For each $p \in \mathbb {N}+1$ , triangle $\Delta _1 \in {\mathcal T}$ , and $(j'',l'') \in \Delta _1$ , let $E_{p,\Delta _1,(j'',l'')}$ denote the event that $(j',l') + \mathbf {v}_{[1,p]} = (j'',l'')$ , and $(j',l') + \mathbf {v} _{[1,p']} \in W$ for all $1 \leq p' < p$ . Observe that the event $\mathbf {r} \neq 0$ is the disjoint union of the events $E_{p,\Delta _1,(j'',l'')}$ . It therefore suffices to show that

(7.59) $$ \begin{align} \mathbb{P}\left( E_{p,\Delta_1,(j'',l'')} \wedge ((j',l') + \mathbf{v}_{[1,\mathbf{k}_1]} \in W) \right) \gg \mathbb{P}( E_{p,\Delta_1,(j'',l'')} ). \end{align} $$

We may of course assume that the event $E_{p,\Delta _1,(j'',l'')}$ occurs with non-zero probability. Conditioning to this event, we see that $(j',l') + \mathbf {v}_{[1,\mathbf {k}_1]}$ has the same distribution as (the unconditioned random variable) $(j'',l'') + \mathbf {v}_{[1,\mathbf {k}'']}$ , where the first passage time $\mathbf {k}''$ is the first natural number for which $l'' + \mathbf {l}_{[1,\mathbf {k}'']}> l_{\Delta _1}$ . By repeating the proof of equation (7.51), one has

$$ \begin{align*}\mathbb{P}( (j'',l'') + \mathbf{v}_{[1,\mathbf{k}'']} \in W | E_{p,\Delta_1,(j'',l'')} ) \gg 1 \end{align*} $$

giving equation (7.59). This establishes the lemma.

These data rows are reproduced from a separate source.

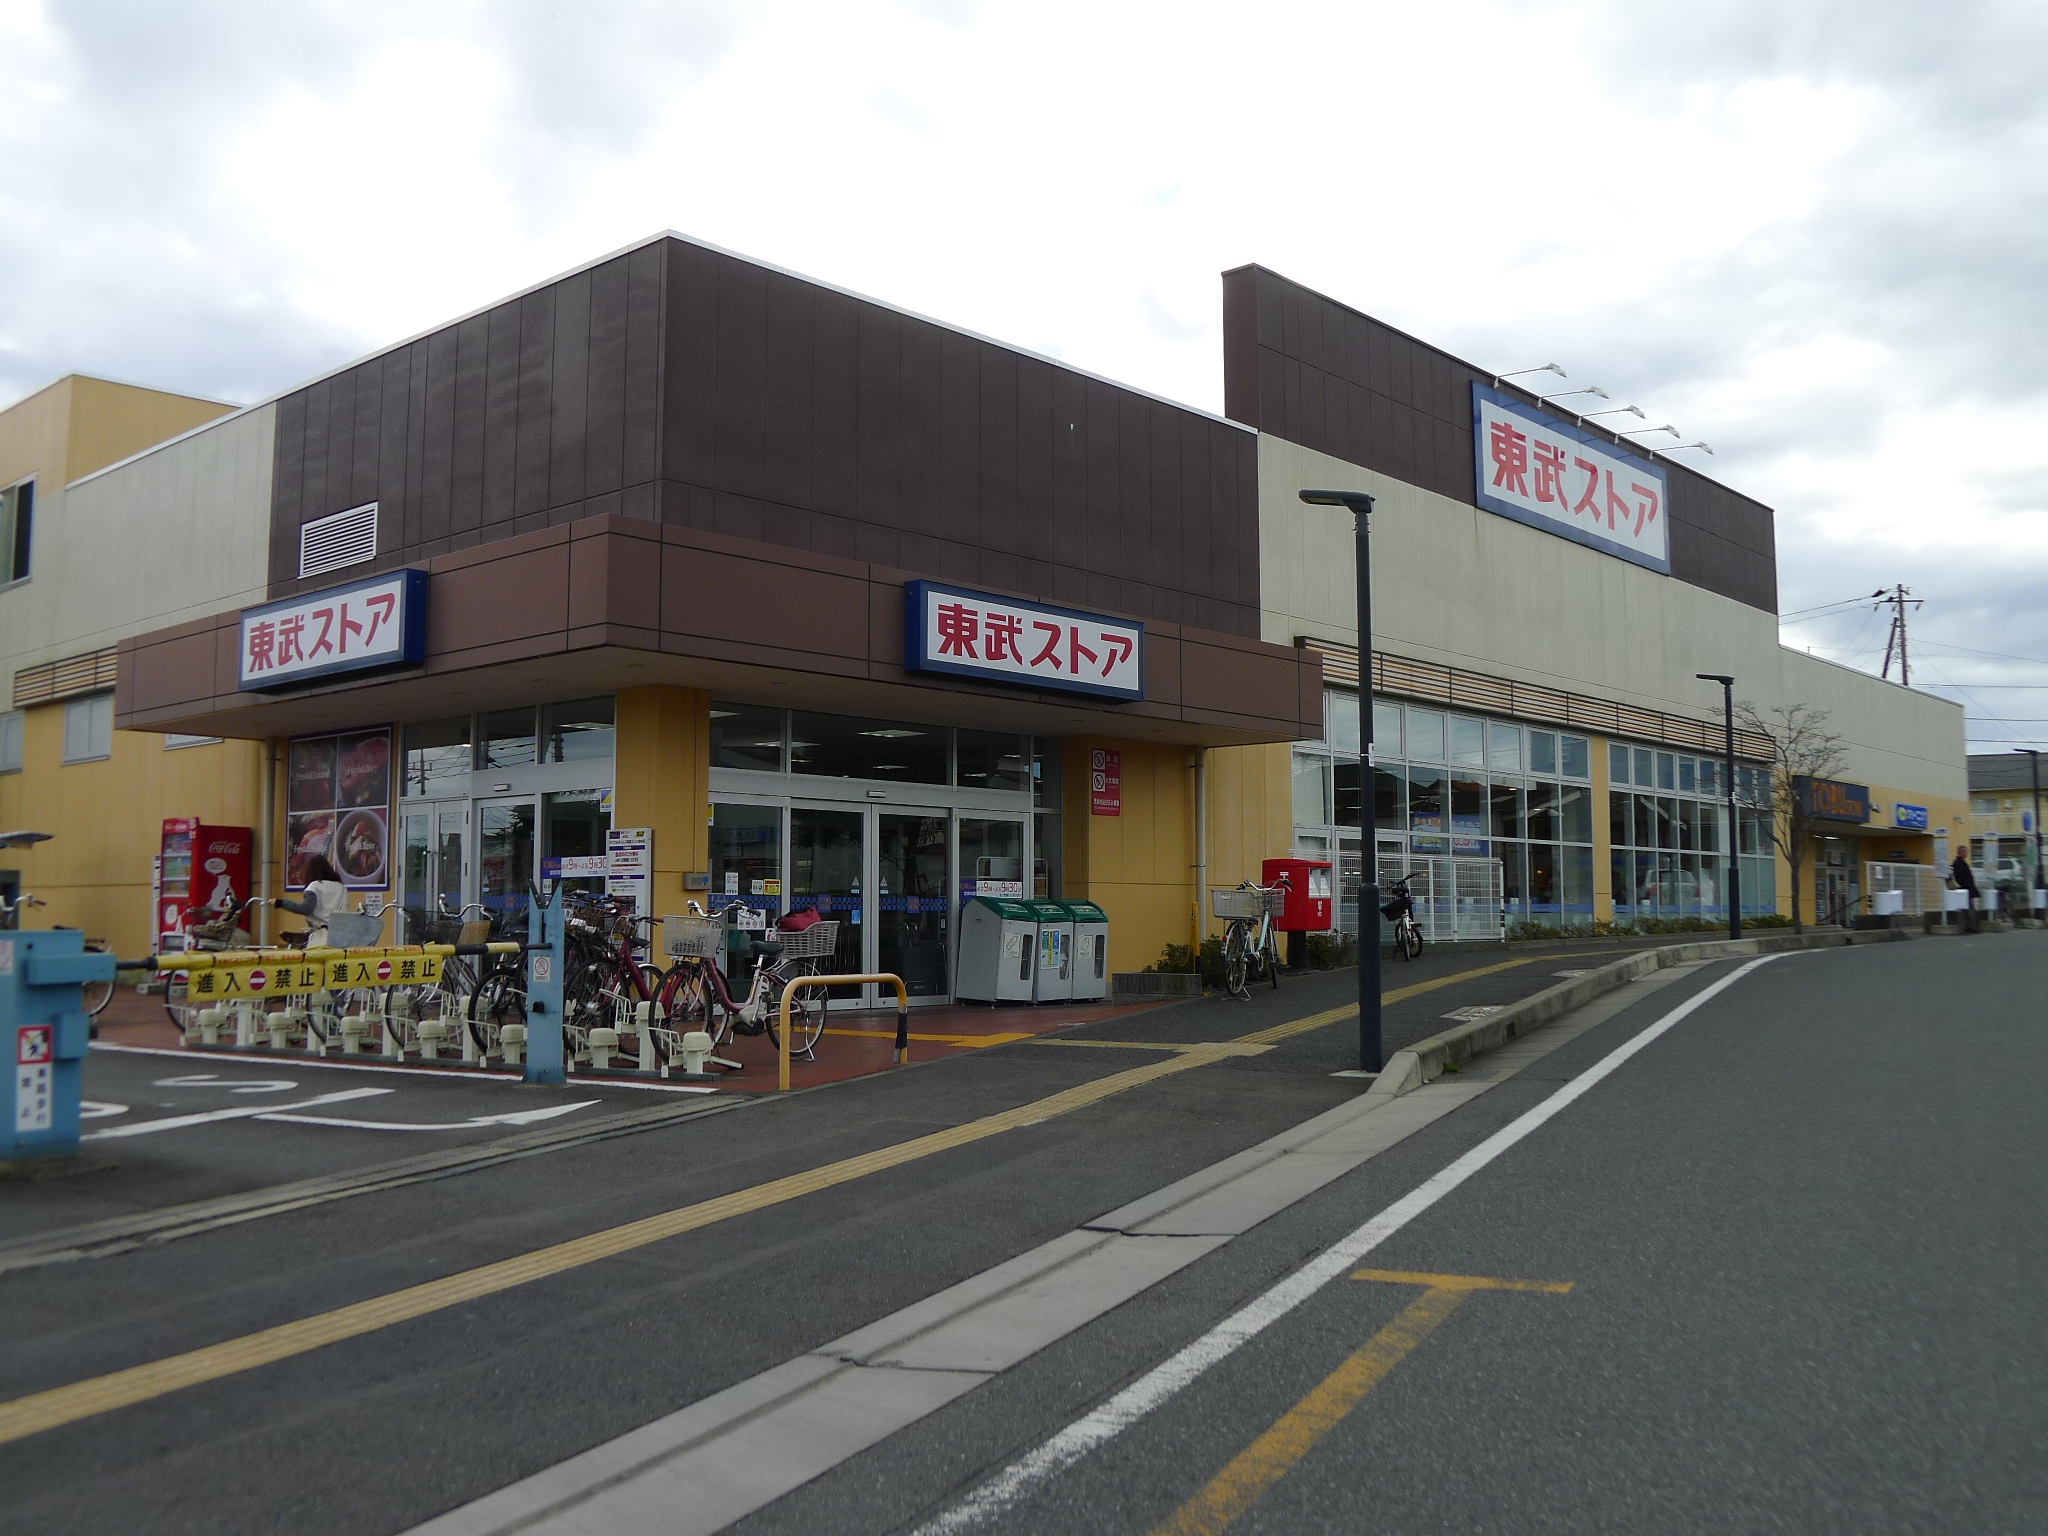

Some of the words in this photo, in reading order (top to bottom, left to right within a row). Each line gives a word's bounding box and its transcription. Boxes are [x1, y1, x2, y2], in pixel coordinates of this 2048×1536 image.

[1490, 420, 1658, 538] 東武ストア
[248, 592, 396, 673] 東武ストア
[937, 603, 1133, 678] 東武ストア
[196, 970, 241, 994] 進入
[274, 967, 315, 989] 禁止
[332, 962, 371, 983] 進入
[400, 958, 436, 979] 禁止

To use this bound we need to show that the renewal process $(j,l)+\mathbf {v}_{[1,\mathbf {k}]}, (j,l) + \mathbf {v}_{[1,\mathbf{k}+1]}, (j,l) + \mathbf {v}_{[1,\mathbf {k}+2]},\dots $ passes either through many white points or through many triangles. This will be established via a probabilistic upper bound on the size $s_\Delta $ of the triangles encountered. The key lemma in this regard is

Lemma 7.10 (Large triangles are rarely encountered shortly after a lengthy crossing)

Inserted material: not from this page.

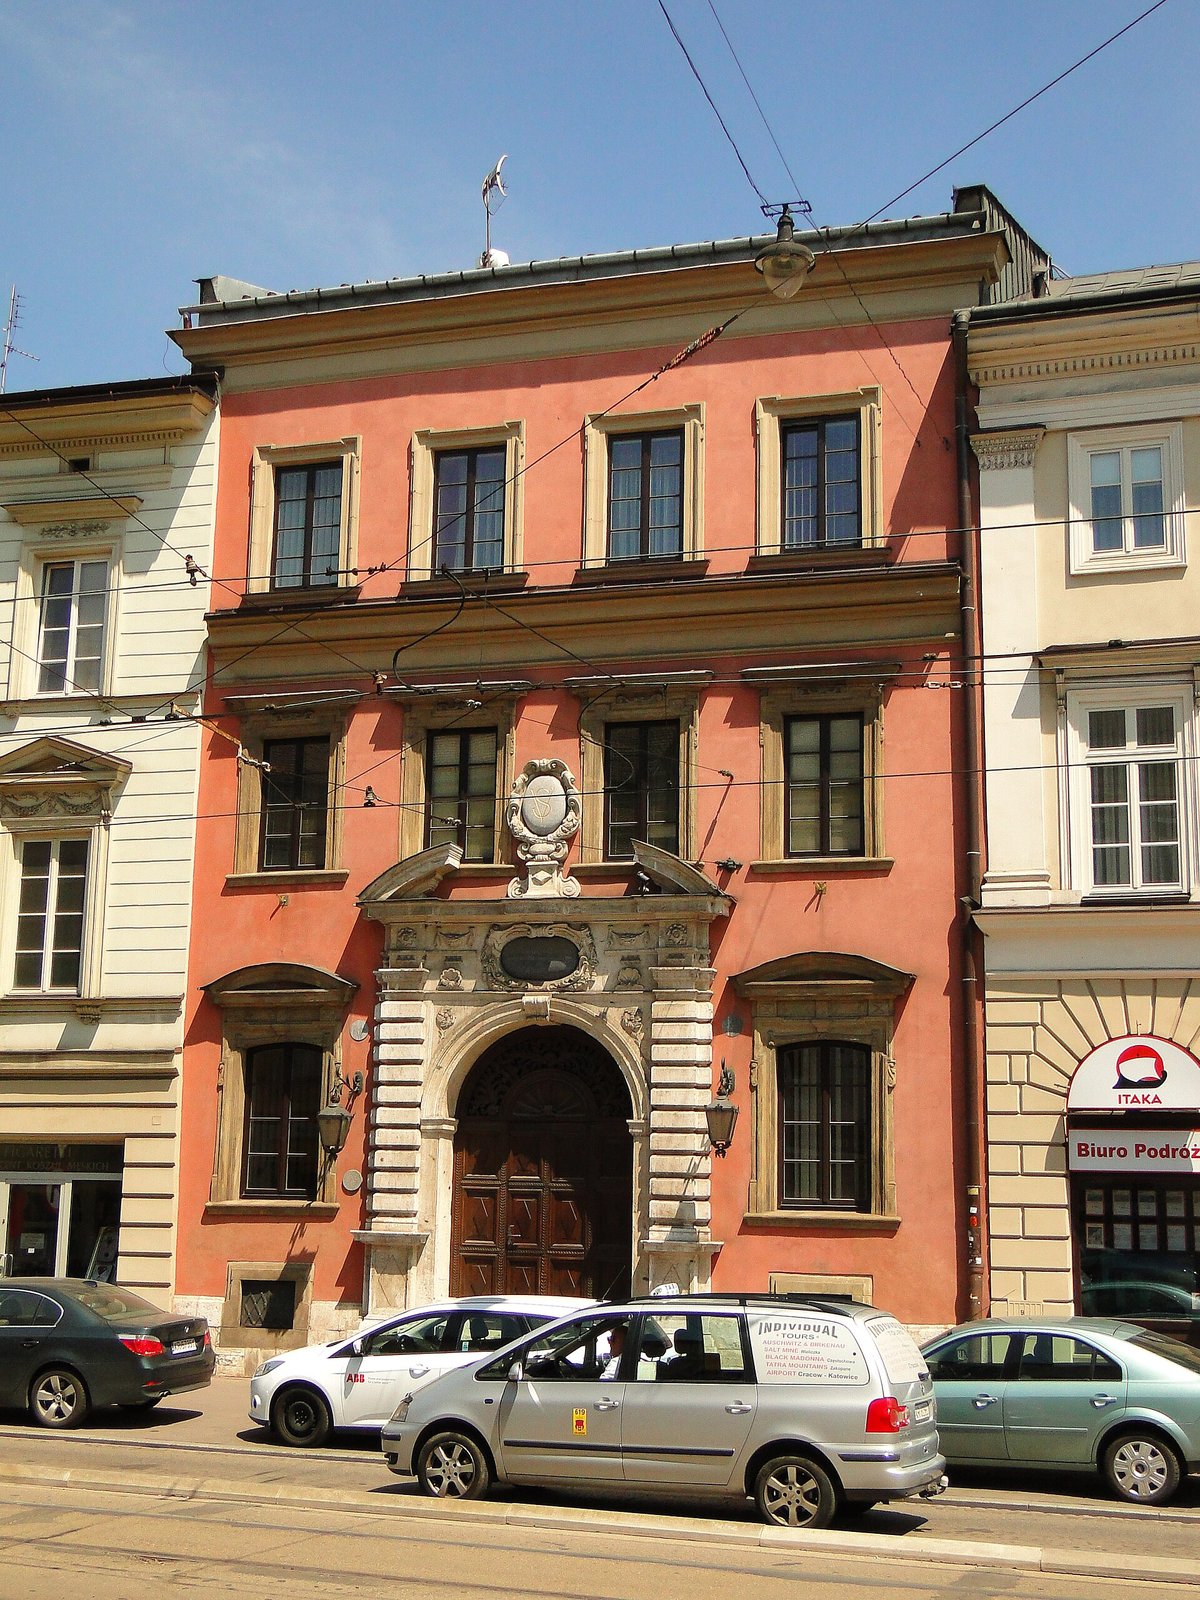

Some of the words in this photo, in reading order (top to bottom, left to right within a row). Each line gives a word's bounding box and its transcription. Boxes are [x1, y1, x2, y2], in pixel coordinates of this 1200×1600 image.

Let $(j,l)$ be an element of a black triangle $\Delta $ with $s := l_\Delta - l$ obeying $s> \frac {m}{\log ^2 m}$ (where we recall $m = \lfloor n/2\rfloor - j$ ), and let $\mathbf {k}$ be the first passage time associated to s defined in Lemma 7.7. Let $p \in \mathbb {N}$ and $1 \leq s' \leq m^{0.4}$ . Let $E_{p,s'}$ denote the event that $(j,l) + \mathbf {v} _{[1,\mathbf {k}+p]}$ lies in a triangle $\Delta ' \in {\mathcal T}$ of size $s_{\Delta '} \geq s'$ . Then

$$ \begin{align*}\mathbb{P}( E_{p,s'} ) \ll A^2 \frac{1+p}{s'} + \exp( - c A^2 (1+p) ).\end{align*} $$

As in the rest of this section, we stress that the implied constants in our asymptotic notation are uniform in n and $\xi $ .

Proof. We can assume that

(7.60) $$ \begin{align} s' \geq C A^2 (1+p) \end{align} $$

for a large constant C, since the claim is trivial otherwise.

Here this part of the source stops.